| The problem |
Please reproduce the entries below exactly, leaving the pictures out.

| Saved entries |
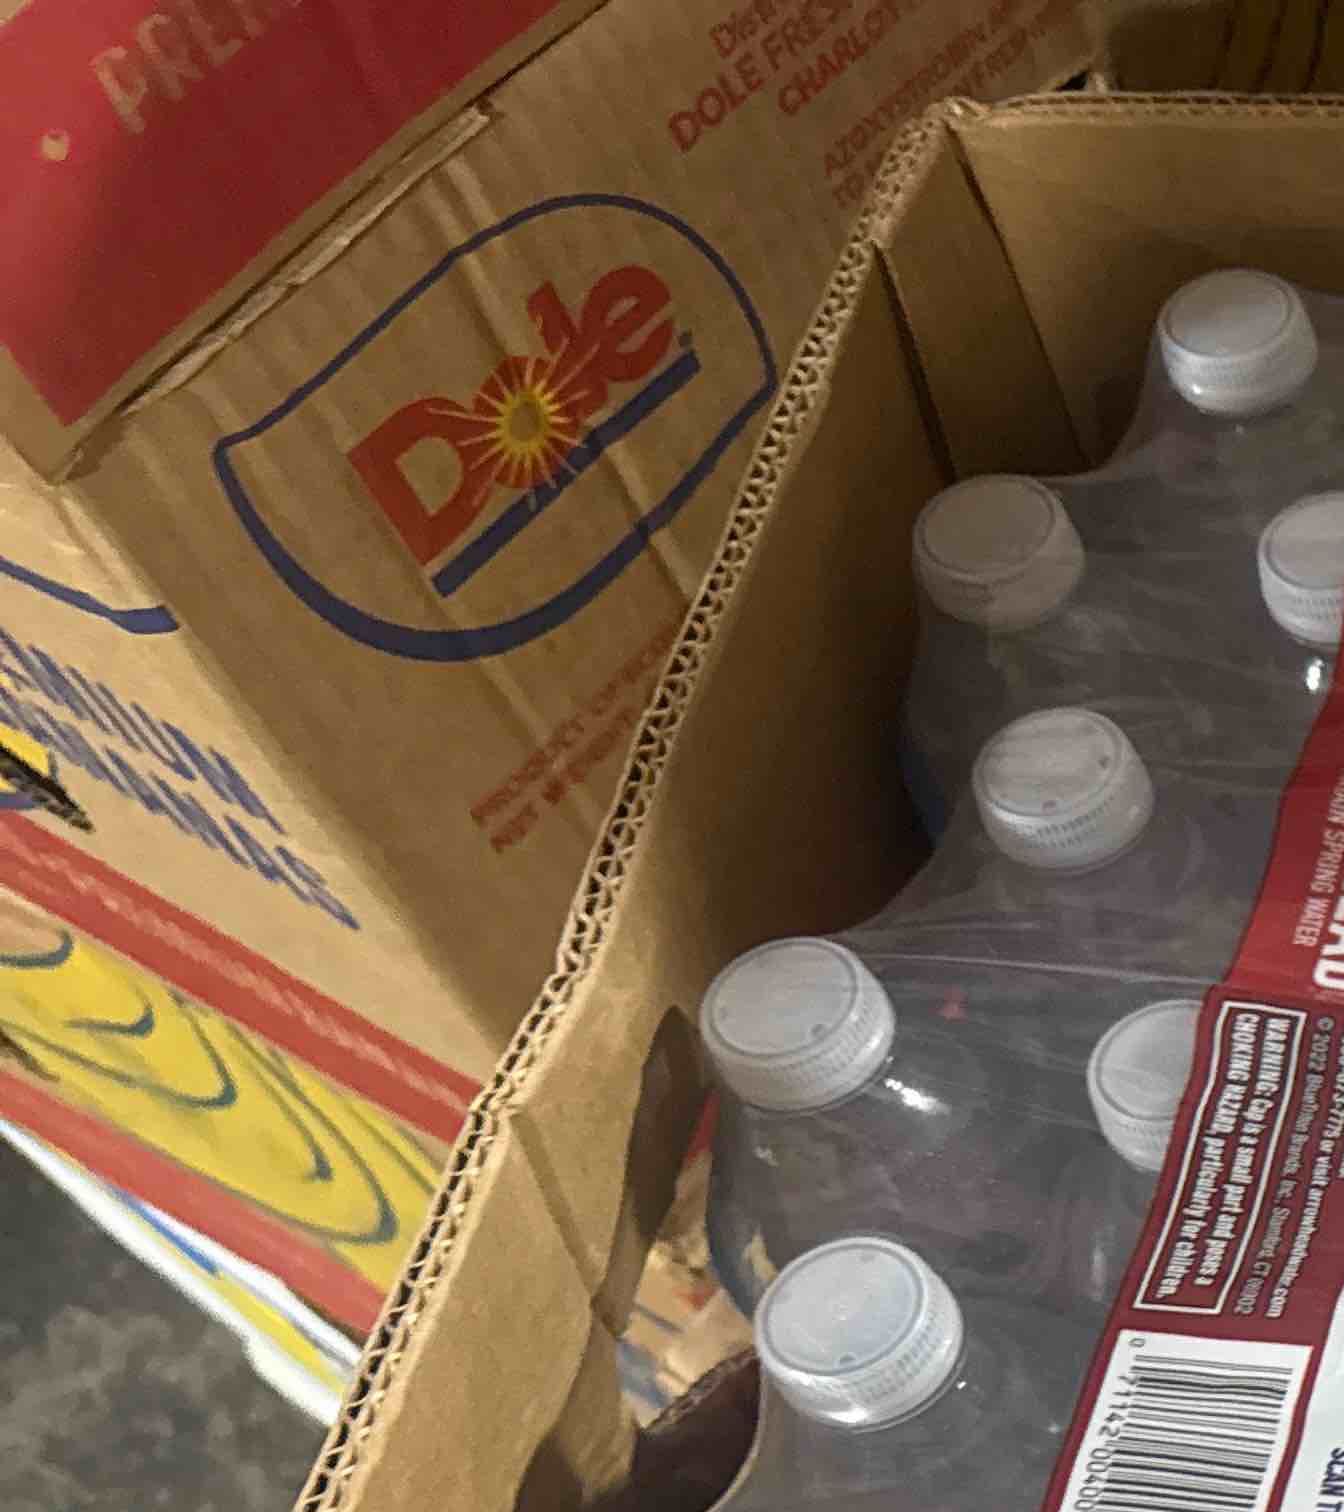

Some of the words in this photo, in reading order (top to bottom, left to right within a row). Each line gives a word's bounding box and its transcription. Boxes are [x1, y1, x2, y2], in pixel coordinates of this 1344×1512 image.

[668, 53, 764, 150] DOLE
[348, 266, 676, 564] Dole
[1291, 895, 1330, 948] WATER
[1225, 1011, 1262, 1082] CHOKING
[1251, 1016, 1292, 1098] WARNING:
[1182, 1136, 1231, 1218] particularly
[1226, 1146, 1261, 1184] small
[1177, 1218, 1206, 1239] for
[1194, 1238, 1228, 1276] poses
[1209, 1213, 1240, 1240] and
[1072, 1446, 1114, 1512] 00400

| Solution to this exercise |
Some of the words in this photo, in reading order (top to bottom, left to right within a row). Each line gives a word's bounding box and its transcription. Boxes are [x1, y1, x2, y2], in pixel coordinates of this 1344×1512 image.

[668, 53, 764, 150] DOLE
[348, 266, 676, 564] Dole
[1291, 895, 1330, 948] WATER
[1225, 1011, 1262, 1082] CHOKING
[1251, 1016, 1292, 1098] WARNING:
[1182, 1136, 1231, 1218] particularly
[1226, 1146, 1261, 1184] small
[1177, 1218, 1206, 1239] for
[1194, 1238, 1228, 1276] poses
[1209, 1213, 1240, 1240] and
[1072, 1446, 1114, 1512] 00400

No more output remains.